Third, there was the fundamental fact that general-purpose computing hardware was inexorably propelled forward by a very large market demand. Within 2 or 3 years, even the coolest turbo board would be outclassed by new PCs, which didn't involve either of the two issues mentioned above.

Two significant items have emerged in today's computer hardware environment: multi-core processors and high-power graphics processors. Even low-end PCs today sport central processors featuring at least two cores, which you may think of more-or-less as "2 (or more) computers on a single chip". As chip complexity has continued to grow, chip makers like Intel and AMD have fit multiple "cores" on single chips. It is tempting to think that this would yield a direct benefit to the user, but the reality is more subtle. Most software was written to run on single-core computers, and is not equipped to take advantage of the extra computing power of today's multi-core computers. This is where the Parallel Computer Toolbox steps in, by providing programmers a way to distribute the execution of their programs over several cores or processors, resulting in a substantially improved performance.

Similarly, the graphics subsystem in desktop PCs has also evolved to a very sophisticated state. At the dawn of the IBM PC (around 1980), graphics display cards with few exceptions basically converted the contents of a section of memory into a display signal usable by a computer monitor. Graphics cards did little more.

Over time, though, greater processing functionality was added to the graphics cards culminating in compute engines which would rival supercomputer-class machines of only a few years ago.

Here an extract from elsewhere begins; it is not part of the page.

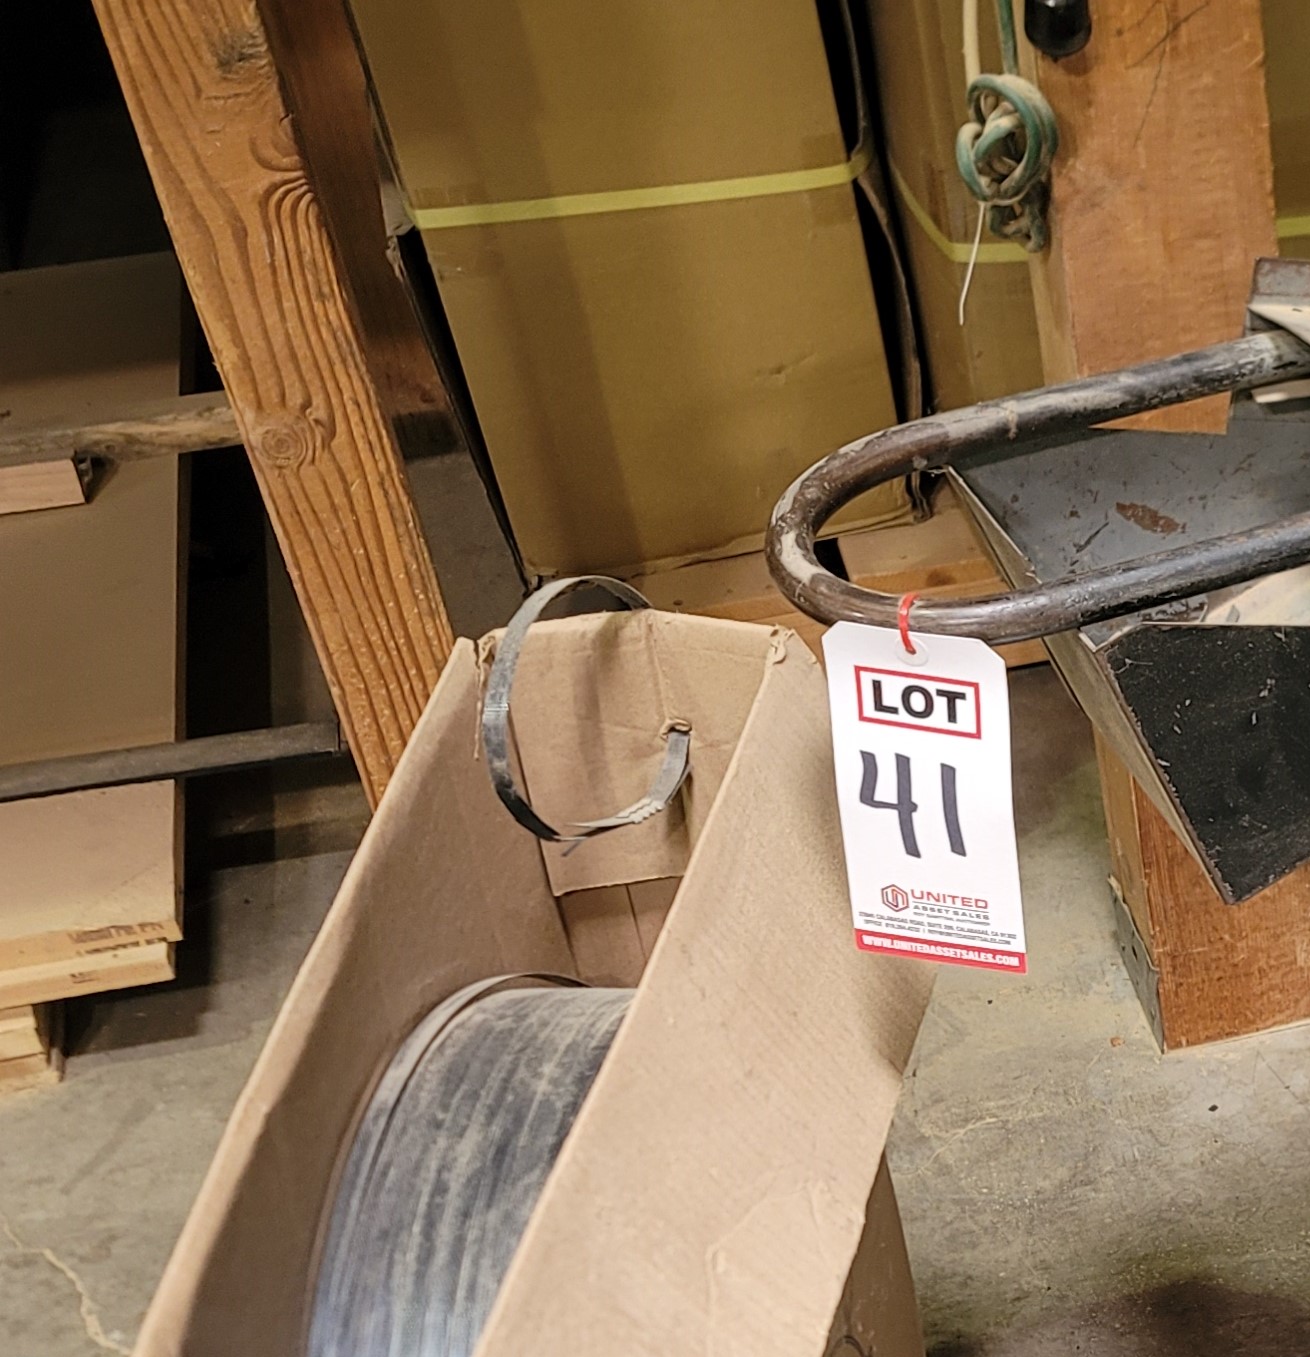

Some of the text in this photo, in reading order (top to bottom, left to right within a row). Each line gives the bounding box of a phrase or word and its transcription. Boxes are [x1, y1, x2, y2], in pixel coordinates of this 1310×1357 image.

This evolution has been fueled by the inclusion of many processing units (today, some cards contain hundreds of these units). Originally designed to perform specific graphics functions, many of these units are not small, somewhat general-purpose computers and they can be programmed to do things having nothing to do with the image shown on the computer's monitor. Tapping into this power requires some sort of programming interface, though, which is where Jacket comes in.


Here is a simple assessment of the pros and cons of these two methods of achieving parallel computing on the desktop:



The required hardware is cheap. If you program in MATLAB, you probably have at least 2 cores at your disposal already, if not more.


Most systems top out 4 cores, limiting the potential speed-up with this method (although doubling or quadrupling performance isn't bad).



The number of processing units which can be harnessed by this method is quite large. Some of the fancier graphics cards have over 200 such units.


The required hardware may be a bit pricey, although the price/performance is probably still very attractive.

Most GPUs will only perform single-precision floating point math. Newer GPUs, though, will perform double-precision floating-point math.

Moving data from the main computer to the graphics card and back takes time, eating into the potential gain.


My use of the Parallel Computing Toolbox has been limited to certain, very specific tasks, and I have not used Jacket at all. The use of ubiquitous multi-core computers and widely-available GPUs avoids most of the problems I described regarding special-purpose hardware. It will be very interesting to see how these technologies fit into the technological landscape over the next few years, and I am eager to learn of readers' experiences with them.